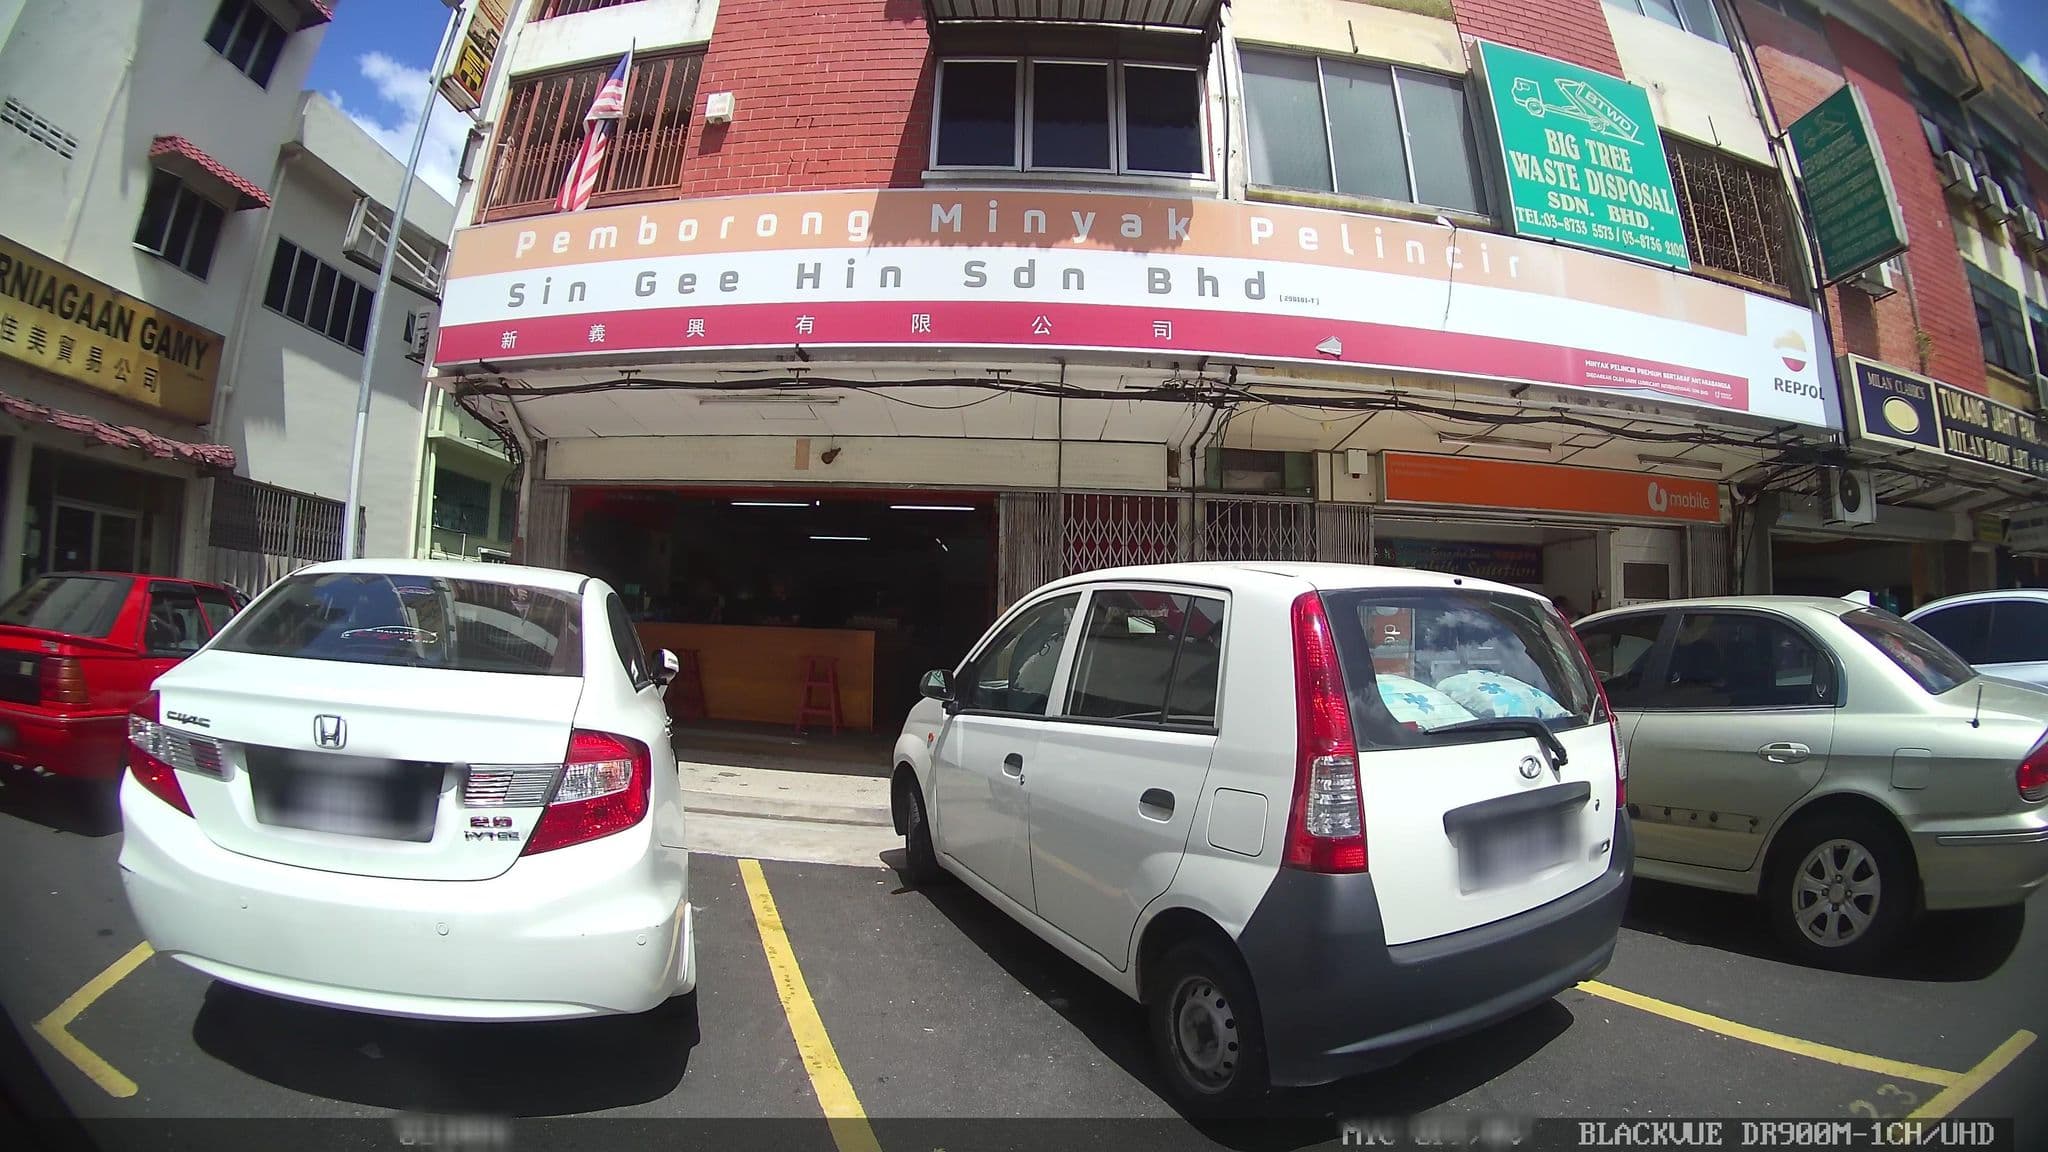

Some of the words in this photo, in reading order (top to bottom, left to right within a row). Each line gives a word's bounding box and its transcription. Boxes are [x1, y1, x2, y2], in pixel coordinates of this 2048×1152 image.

[1584, 91, 1633, 132] BTWD
[1544, 128, 1580, 161] BIG
[1584, 138, 1634, 174] TREE
[1509, 150, 1581, 192] WASTE
[1584, 168, 1675, 216] DISPOSAL
[1547, 192, 1596, 217] SDN.
[1607, 204, 1656, 231] BHD.
[515, 209, 869, 259] Pemborong
[930, 200, 1191, 244] Minyak
[1250, 215, 1520, 279] Pelincir
[507, 276, 587, 308] Sin
[635, 270, 740, 297] Gee
[796, 258, 902, 290] Hin
[963, 258, 1086, 291] Sdn
[1147, 266, 1266, 300] Bhd
[140, 317, 210, 371] GAMY
[500, 314, 1173, 350] 新義興有限公司
[1773, 377, 1825, 401] REPSOL
[1867, 371, 1893, 391] MILAN
[1938, 388, 1988, 428] TUKANG
[1669, 493, 1711, 512] mobile
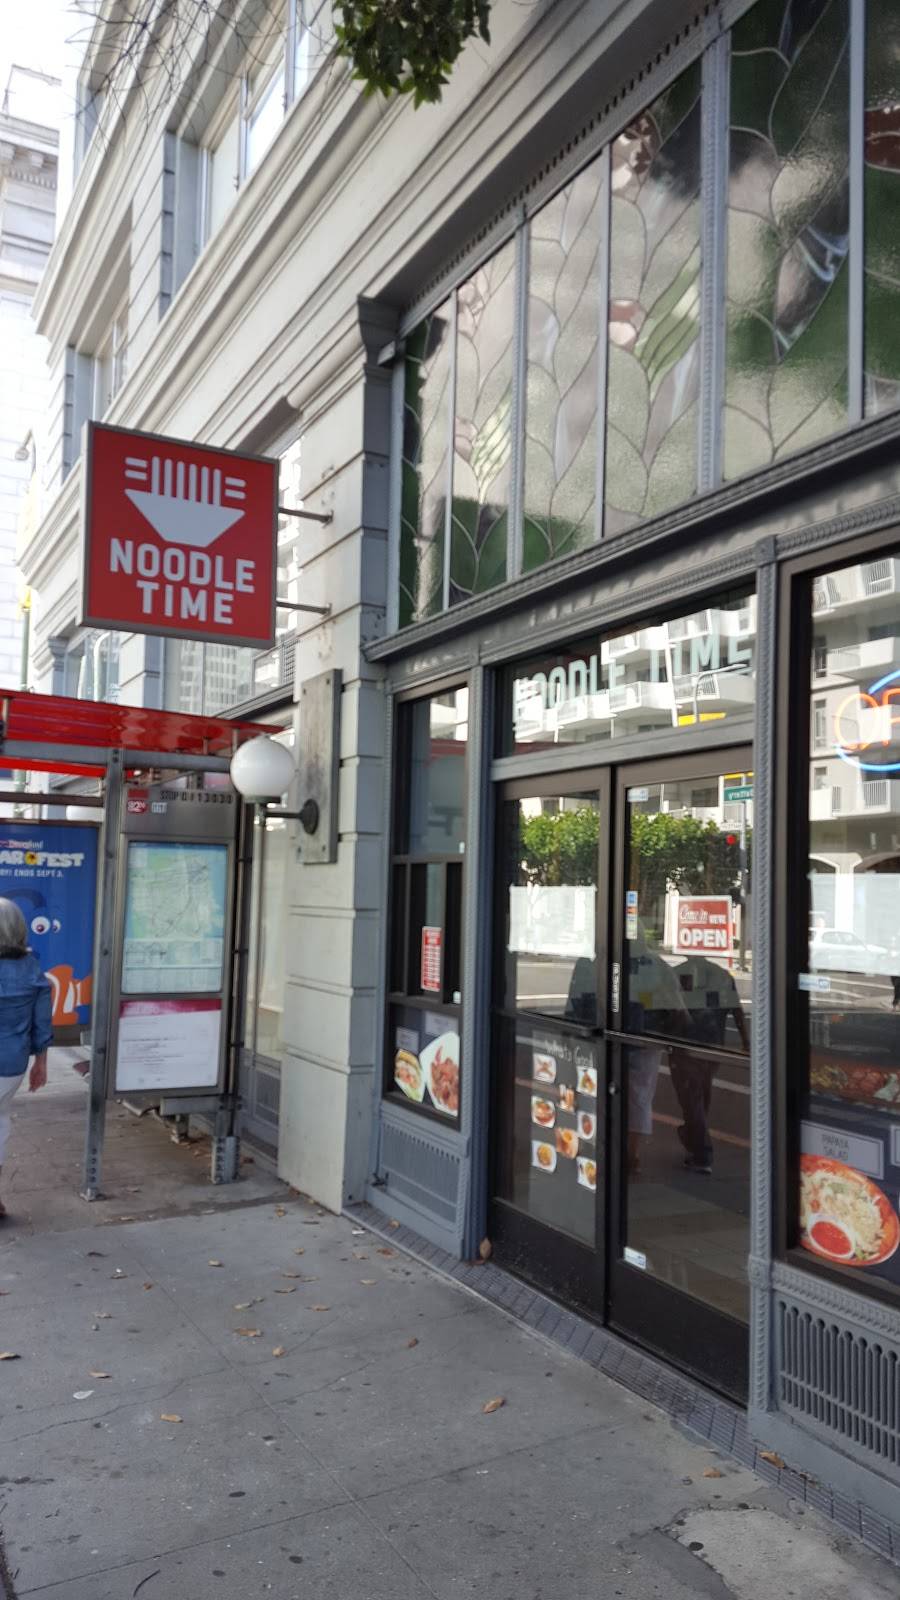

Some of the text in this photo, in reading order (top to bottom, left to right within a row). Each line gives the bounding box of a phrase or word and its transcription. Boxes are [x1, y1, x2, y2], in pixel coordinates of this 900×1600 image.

[110, 538, 255, 593] NOODLE
[136, 580, 234, 624] TIME
[679, 928, 728, 948] OPEN

Work item: Each entry is to be returned as it stands, and each picture is to be left out.

Answer section:
Some of the words in this photo, in reading order (top to bottom, left to right within a row). Each line gives a word's bounding box and its transcription. Boxes are [x1, y1, x2, y2], in pixel coordinates of this 2048×1152 image.

[1584, 91, 1633, 132] BTWD
[1544, 128, 1580, 161] BIG
[1584, 138, 1634, 174] TREE
[1509, 150, 1581, 192] WASTE
[1584, 168, 1675, 216] DISPOSAL
[1547, 192, 1596, 217] SDN.
[1607, 204, 1656, 231] BHD.
[515, 209, 869, 259] Pemborong
[930, 200, 1191, 244] Minyak
[1250, 215, 1520, 279] Pelincir
[507, 276, 587, 308] Sin
[635, 270, 740, 297] Gee
[796, 258, 902, 290] Hin
[963, 258, 1086, 291] Sdn
[1147, 266, 1266, 300] Bhd
[140, 317, 210, 371] GAMY
[500, 314, 1173, 350] 新義興有限公司
[1773, 377, 1825, 401] REPSOL
[1867, 371, 1893, 391] MILAN
[1938, 388, 1988, 428] TUKANG
[1669, 493, 1711, 512] mobile

Some of the text in this photo, in reading order (top to bottom, left to right within a row). Each line gives the bounding box of a phrase or word and its transcription. Boxes are [x1, y1, x2, y2], in pixel coordinates of this 900×1600 image.

[110, 538, 255, 593] NOODLE
[136, 580, 234, 624] TIME
[679, 928, 728, 948] OPEN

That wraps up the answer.